Friday, June 29, 2012

Crystal Bridges statuary

Shore Lunch, Dan Ostermiller, 1999
 One of the great features of the Crystal Bridges Museum is the network of trails that surrounds the buildings. When we planned our trip, we built in time to take a hike on the various trails and see what there was to see. Like the rest of the grounds, there were lots of flowers, and well-designed trails. There was also art, which is appropriate, since it is an art museum and all. I didn't get pictures of everything, but here are some of the works we saw on the hike.

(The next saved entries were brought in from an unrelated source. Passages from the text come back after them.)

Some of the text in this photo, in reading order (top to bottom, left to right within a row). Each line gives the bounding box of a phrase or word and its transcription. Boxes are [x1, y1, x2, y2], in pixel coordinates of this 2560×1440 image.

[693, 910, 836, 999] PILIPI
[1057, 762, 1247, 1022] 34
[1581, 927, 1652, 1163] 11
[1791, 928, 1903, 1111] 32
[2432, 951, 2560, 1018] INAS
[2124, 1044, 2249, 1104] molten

These two photos of boulders take a little explanation. The boulder in the photo above is art, as shown by the number and (not visible in this photo) the word "ART" that have been attached to it. It is part of an installation called Grains of Sand by Robert Tannen, that is designed as a sort of scavenger hunt on the grounds.

The thing is, the art boulders are made of the native stone that also is found all over the grounds, like the other boulder, above, which was situated directly next to one of the ART boulders. I try to be open and appreciative to art of all kinds, but I have to admit myself a bit mystified over these boulders. They certainly made us laugh a bit, and they made us think, and I guess that is the point, what makes them art? Anyway, we had a chuckle every time we discovered one.

Stella, Andre Harvey, 2009
Stella here typifies the problem with outdoor art - you want to run over and pet her snout, and climb on her back, but the museum doesn't want her to be damaged by constant contact with grimy hands. Makes sense, but it was torture to not rub an ear. They shouldn't have made her so cute!

Group of Bears, Paul Manship, modeled 1932, cast 1999
We had to hike a bit farther than we though to see these lovely creatures - the scale on the map is not quite accurate. They were apparently meant for the Bronx Zoo, but not cast at the time. You can definitely see the Art Deco influence in their lines. I would have liked to pet them too.